La tecnologia non deve e non può sostituire il pensiero
La formazione obbligatoria continua e permanente deve – si legge nell’ atto di indirizzo emanato dalla Ministra Azzolina – «entrare in un sistema che deve implementare a livello tecnologico un sistema informatico in grado di contenere la storia formativa di ciascun docente al quale imporre la formazione obbligatoria permanente e strutturale come garanzia di un volano strategico innovativo e concreto a garanzia che la scuola in tutte le sue componenti sia in grado di affrontare il cambiamento sociale culturale ed economico». Questo significa di fatto annientare ogni libera scelta personale.
L’abdicazione dell’umanesimo in favore della tecnologia
Così potremmo definire l’attitudine di coloro che posseggono le competenze che contano rispetto agli altri a cui somministrare competenze che non contano. Nel perseguire questo obiettivo si potrebbero utilizzare non più i social, i canali della propaganda, ma direttamente la scuola e l’istruzione in una sorta di indottrinamento indotto da obblighi e condizionamenti del personale docente che perderebbe ogni libertà di scelta professionale.
Qualcuno potrebbe pensare ad una esagerazione, ma se si afferma come fa la Ministra, che le attività di formazione del docente devono essere «profilate» ed orientate esclusivamente allo sviluppo economico, si afferma la fine della libertà di insegnamento. Roba vecchia dicevano i fautori della buona scuola da sacrificare sull’altare del modernismo, dell’omologazione della tecnologia, dell’utilitarismo, dell’accontentare ogni tipo di cliente. Peccato per loro, ma la Costituzione esiste ancora e vale per tutti.
La professione docente e l’impossibile omologazione con il lavoro d’ufficio
Pensare di trasformare i docenti in impiegati a cui spiegare il ciclo produttivo è non solo offensivo, ma un danno per la democrazia di questo Paese. Pensare che un algoritmo elimini ogni possibilità di libero arbitrio, di scelta libera in una funzione nobile ed insostituibile come quella dell’insegnamento, equivale a rendere l’uomo in forma individuale e collettiva gerarchicamente inserito in un sistema autoritario. Mutuare la filosofia politica e le tecnicalità della piattaforma Rousseau per un controllo eterodiretto della scuola, travolgendo autonomia scolastica e libertà di insegnamento, è un rischio da scongiurare.

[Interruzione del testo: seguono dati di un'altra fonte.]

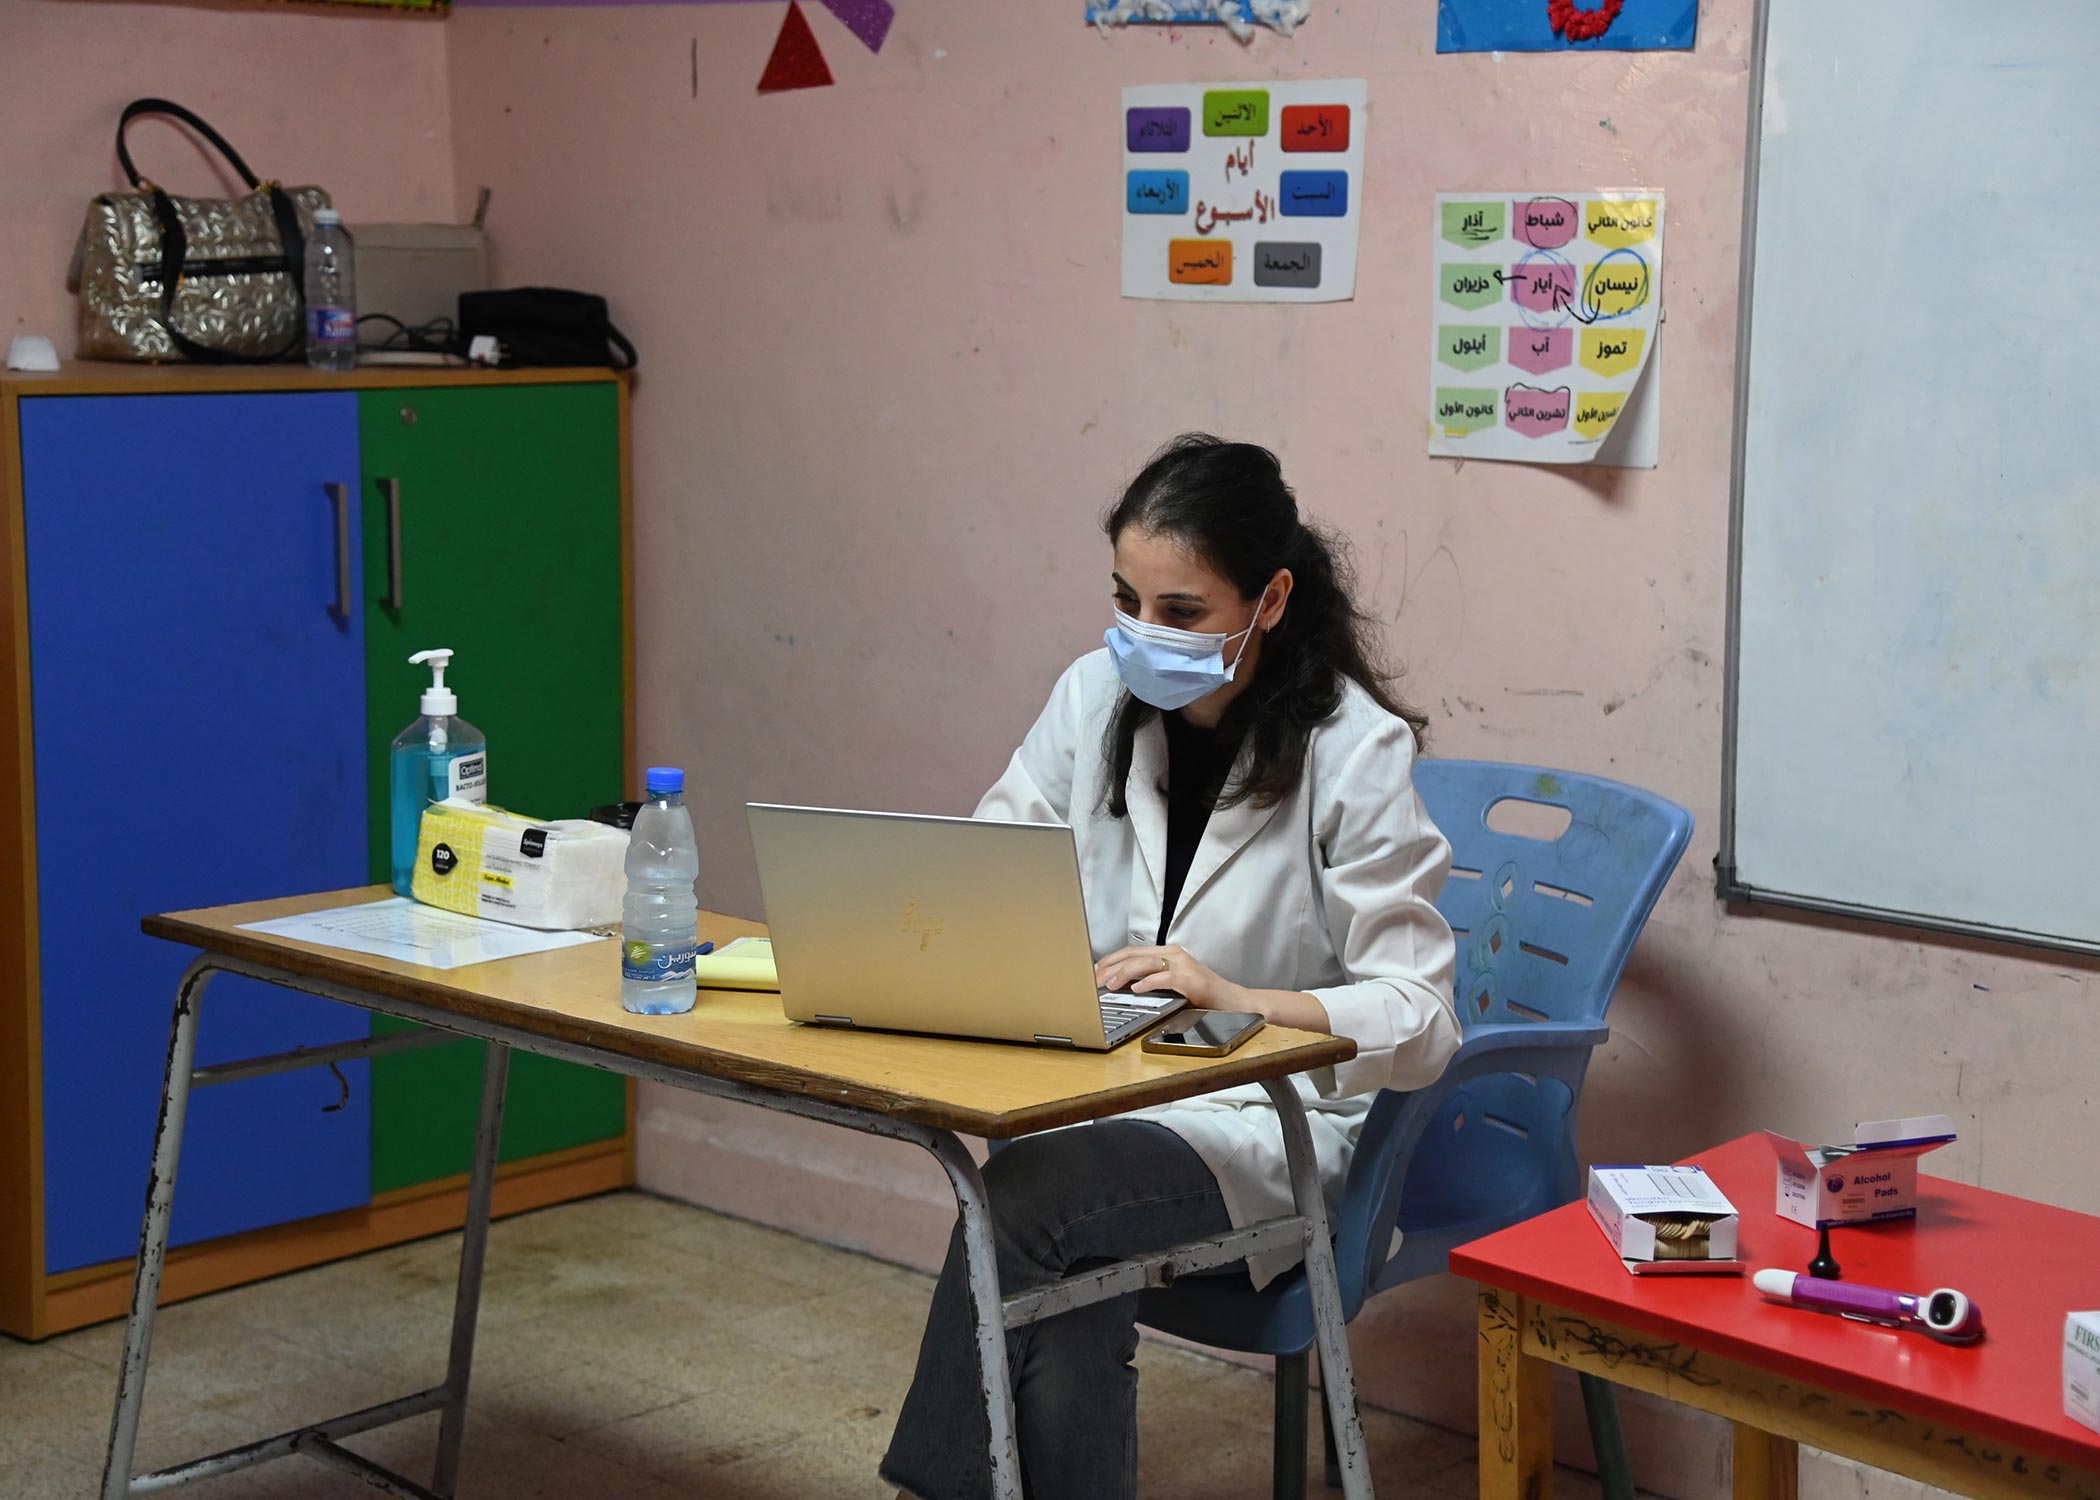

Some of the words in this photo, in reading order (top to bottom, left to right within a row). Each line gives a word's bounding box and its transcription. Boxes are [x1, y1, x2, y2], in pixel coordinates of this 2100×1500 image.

[1297, 113, 1333, 136] الأحد
[1224, 138, 1255, 184] أيام
[1291, 181, 1335, 205] السبت
[1194, 189, 1275, 235] الأسبوع
[1525, 211, 1564, 230] شباط
[1588, 215, 1618, 234] الثاني
[1621, 216, 1652, 231] كانون
[1175, 251, 1224, 274] الخميس
[1264, 253, 1310, 275] الجمعة
[1453, 275, 1490, 293] حزيران
[1595, 277, 1638, 295] نيسان
[1452, 333, 1486, 354] أيلول
[1532, 336, 1550, 357] آب
[1596, 340, 1627, 359] تموز
[1439, 402, 1464, 417] الأول
[1466, 403, 1494, 418] كانون
[1508, 405, 1535, 422] الثاني
[1536, 407, 1566, 422] تشرين
[436, 849, 450, 860] 120
[1854, 1172, 1891, 1185] Alcohol
[1874, 1187, 1899, 1198] Pads

Le scelte del sindacato, l’impegno per essere vicino alle persone.
Sarà bene che su questi temi si apra una riflessione collettiva, a partire dai lavoratori della scuola a cui chiediamo di uscire dall’isolamento individuale. Siamo pronti ad impegnarci in un percorso che non è solo sindacale, ma culturale e di riformismo vero, che guarda alle persone non come strumenti, ma soggetti attivi di quella comunità che ama la libertà e non si vuole rassegnare.
Dopo le emergenze esistono le criticità che sono tante e che vanno governate attraverso decisioni condivise. In questo ci attendiamo un alto senso di responsabilità da parte della Ministra e del Governo tutto. Sistema di reclutamento, precariato e rinnovo del contratto di lavoro sono i temi sospesi.
Avere revocato uno sciopero già proclamato in una contingenza delicata della vita del Paese, significa aver compiuto un atto di grande responsabilità, ma nessuno pensi di approfittarne. Cambiare le regole del gioco approfittando delle emergenze è un’operazione di basso profilo politico e di inqualificabile comportamento civile e morale. Lavoriamo tutti perché non accada.